All of the data that follows is to be written out exactly, with images excluded.

▶ **THE INPUT**
================

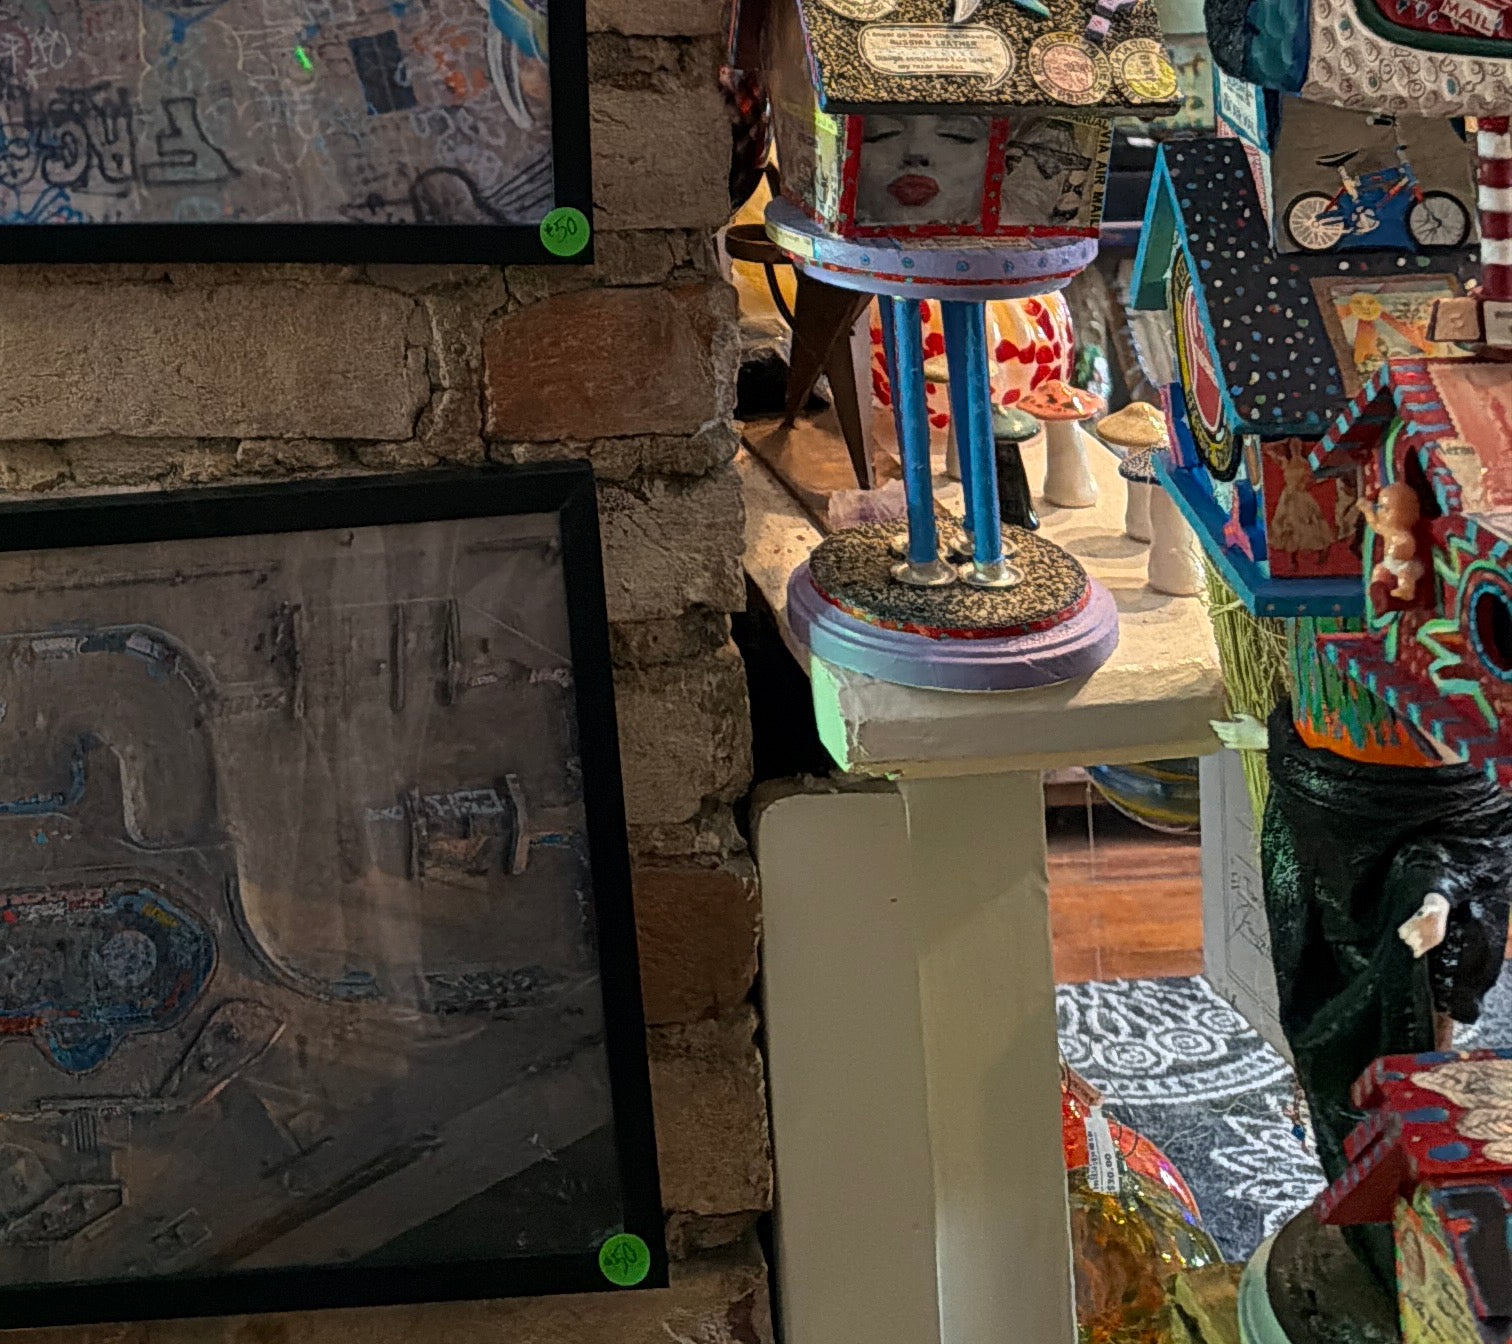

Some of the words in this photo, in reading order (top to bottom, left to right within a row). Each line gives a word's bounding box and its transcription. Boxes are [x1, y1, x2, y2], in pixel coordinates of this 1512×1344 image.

[1098, 130, 1112, 153] VIA
[1094, 161, 1107, 185] AIR
[1089, 192, 1104, 226] MAIL
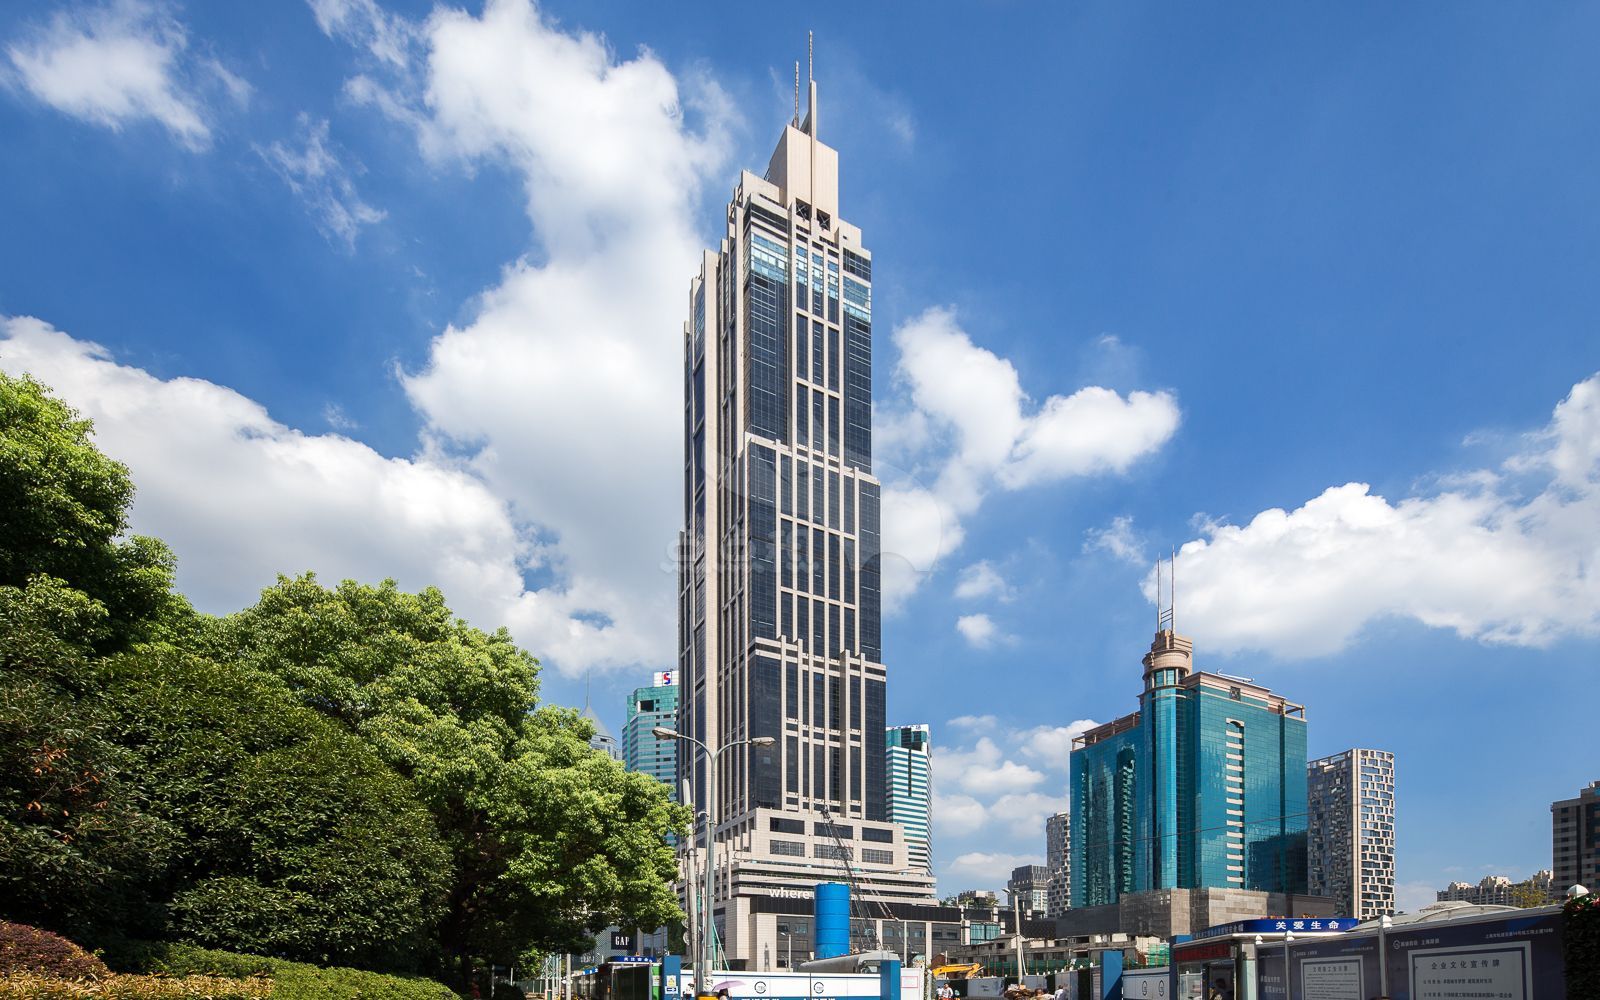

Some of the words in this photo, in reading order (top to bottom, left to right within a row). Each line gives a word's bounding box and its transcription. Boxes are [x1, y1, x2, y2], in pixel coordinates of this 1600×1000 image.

[769, 887, 810, 899] where
[1275, 921, 1340, 930] 关爱生命
[615, 936, 630, 946] GAP
[1431, 959, 1500, 970] 企业文化宣传牌

================

▶ **SOLUTION TO THE EXERCISE**
Some of the words in this photo, in reading order (top to bottom, left to right within a row). Each line gives a word's bounding box and its transcription. Boxes are [x1, y1, x2, y2], in pixel coordinates of this 1512×1344 image.

[1098, 130, 1112, 153] VIA
[1094, 161, 1107, 185] AIR
[1089, 192, 1104, 226] MAIL

Some of the words in this photo, in reading order (top to bottom, left to right within a row). Each line gives a word's bounding box and its transcription. Boxes are [x1, y1, x2, y2], in pixel coordinates of this 1600×1000 image.

[769, 887, 810, 899] where
[1275, 921, 1340, 930] 关爱生命
[615, 936, 630, 946] GAP
[1431, 959, 1500, 970] 企业文化宣传牌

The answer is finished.